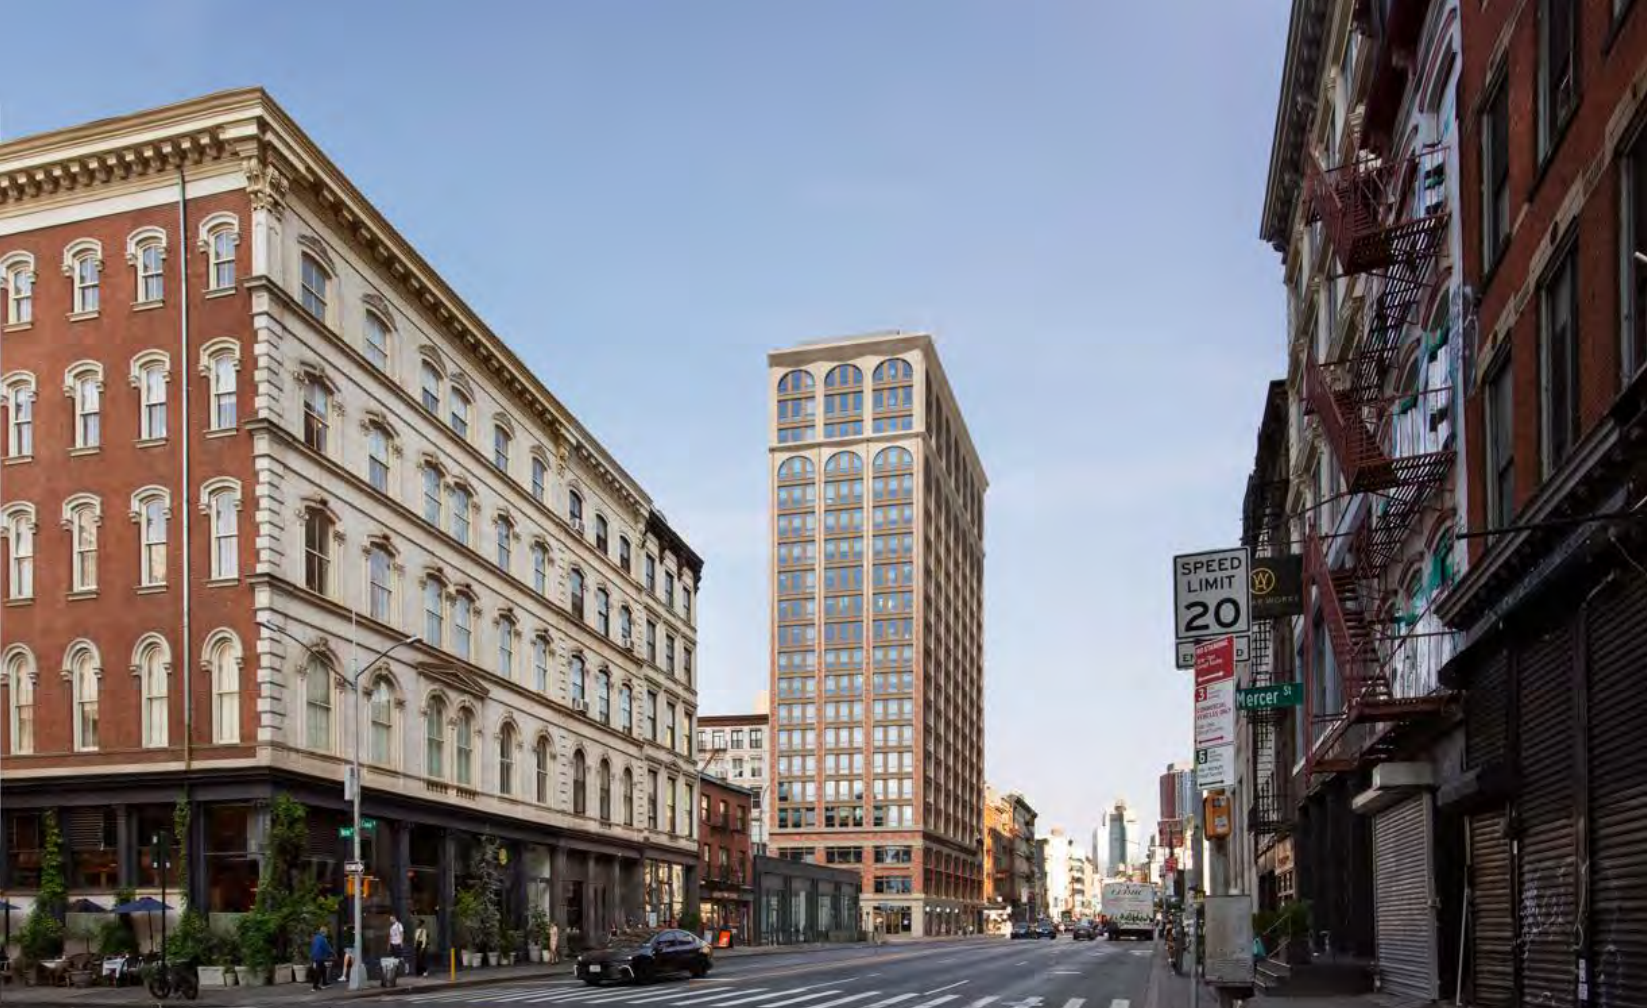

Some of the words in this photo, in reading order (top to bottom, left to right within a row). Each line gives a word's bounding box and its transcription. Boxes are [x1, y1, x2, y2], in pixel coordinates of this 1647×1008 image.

[1181, 557, 1242, 576] SPEED
[1187, 575, 1236, 593] LIMIT
[1184, 597, 1241, 632] 20
[1198, 688, 1205, 701] 3
[1236, 691, 1279, 708] Mercer
[1283, 685, 1292, 696] St
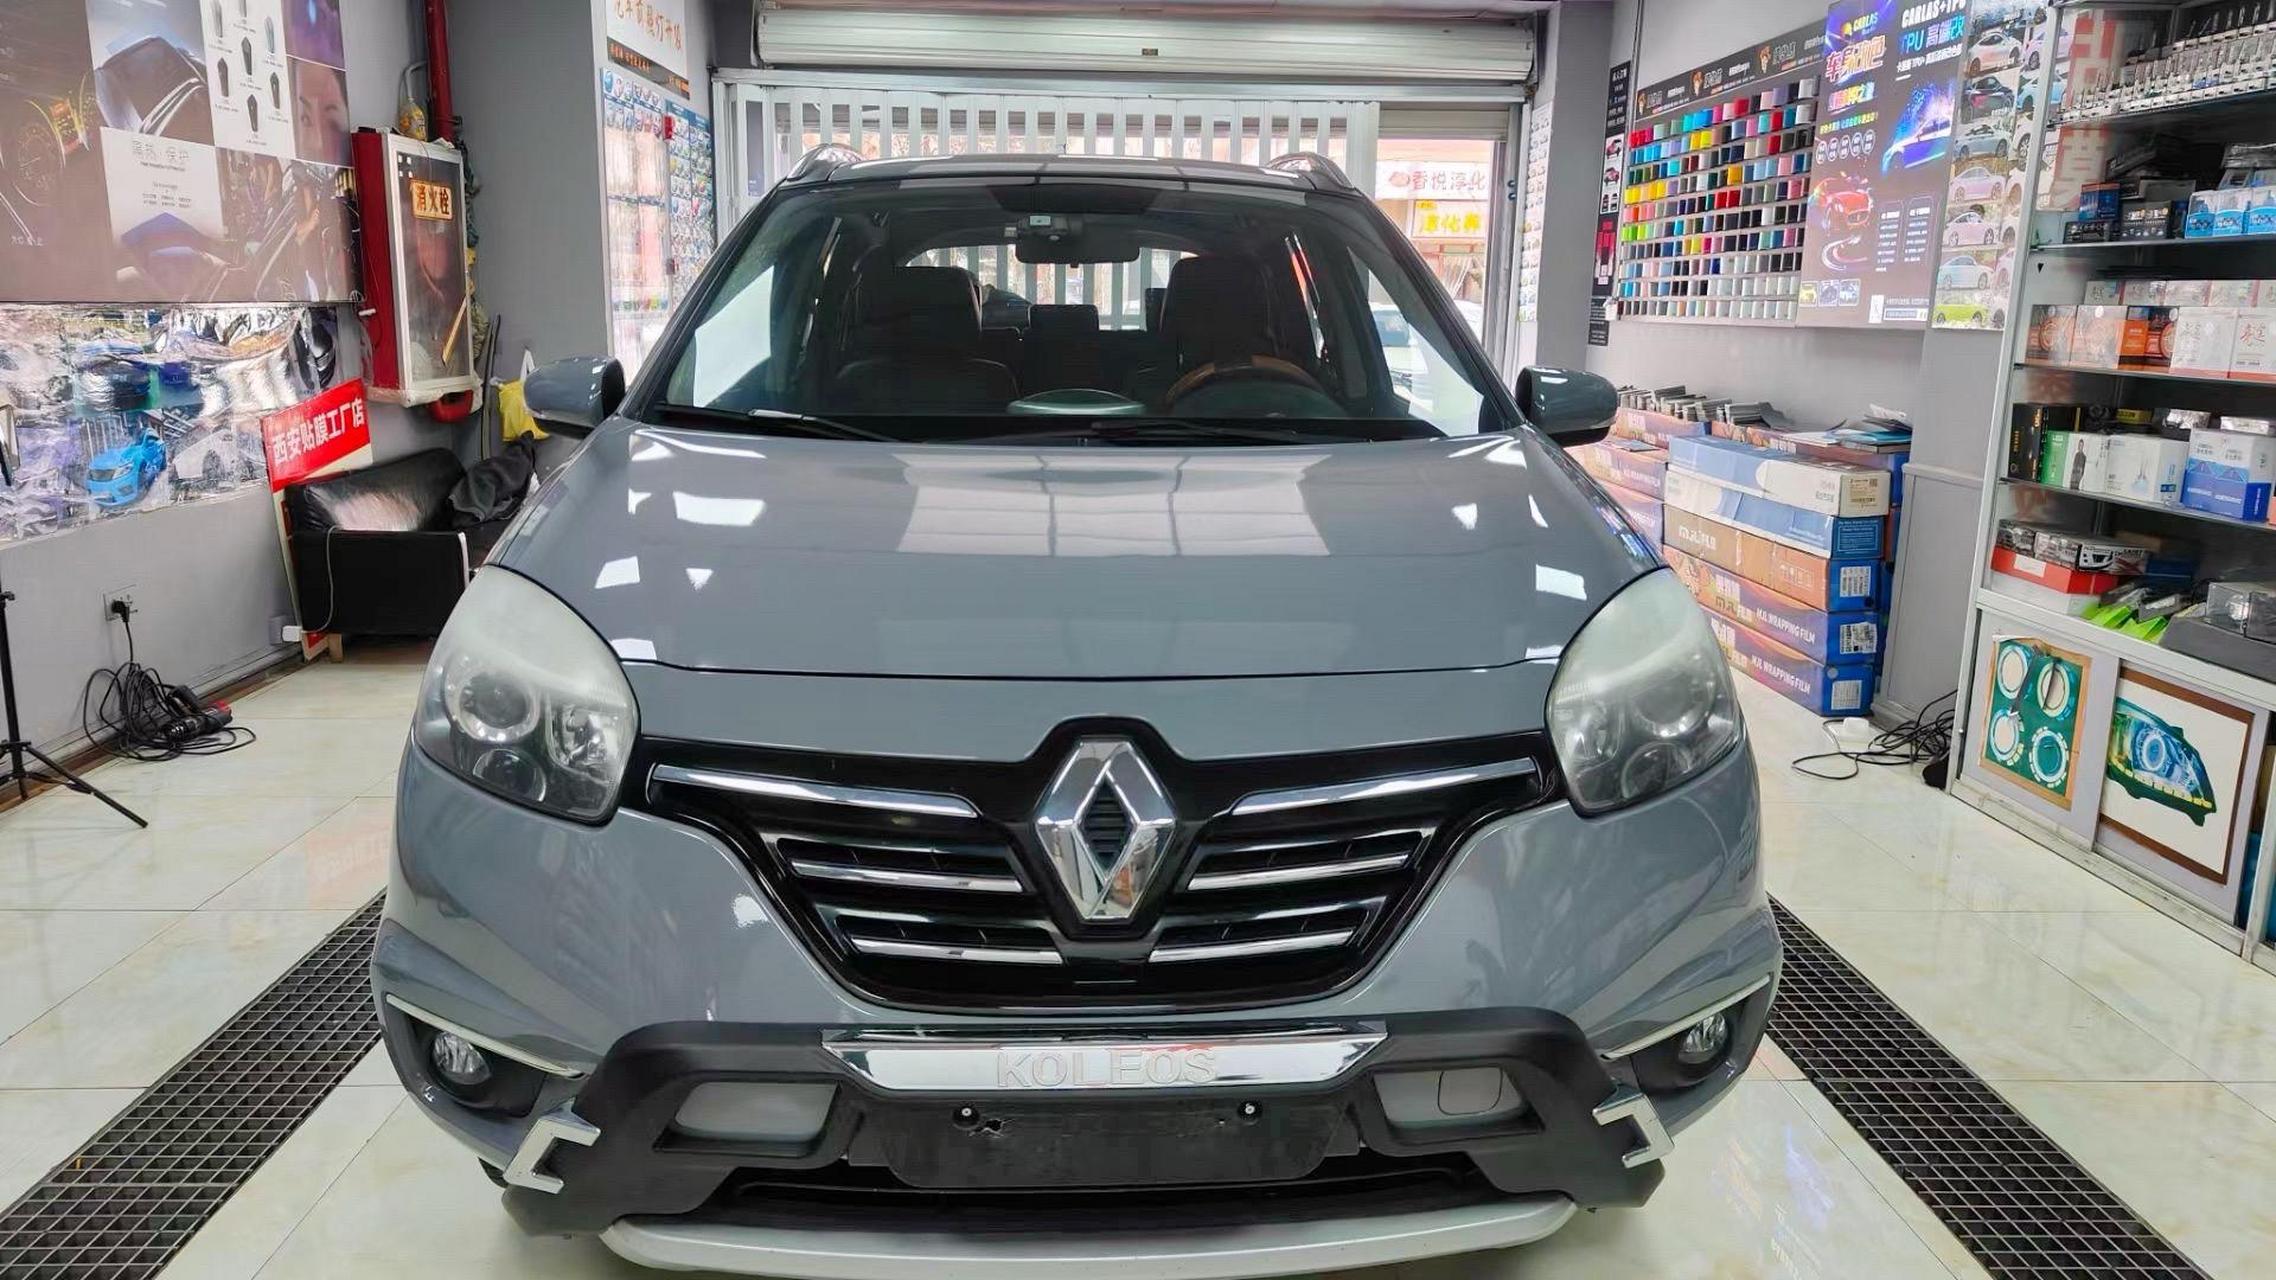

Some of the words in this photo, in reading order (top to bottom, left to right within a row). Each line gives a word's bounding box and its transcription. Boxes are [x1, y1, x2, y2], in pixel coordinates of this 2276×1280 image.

- - -

### Exercise instructions
Could you output the entire listing verbatim while omitting its pictures?

### Solved problem
Some of the words in this photo, in reading order (top to bottom, left to right within a row). Each line gives a word's bounding box and its transcription. Boxes are [x1, y1, x2, y2], in pixel coordinates of this 1647×1008 image.

[1181, 557, 1242, 576] SPEED
[1187, 575, 1236, 593] LIMIT
[1184, 597, 1241, 632] 20
[1198, 688, 1205, 701] 3
[1236, 691, 1279, 708] Mercer
[1283, 685, 1292, 696] St

Some of the words in this photo, in reading order (top to bottom, left to right within a row). Each line gives a word's bounding box and its transcription. Boxes are [x1, y1, x2, y2], in pixel coordinates of this 2276×1280 image.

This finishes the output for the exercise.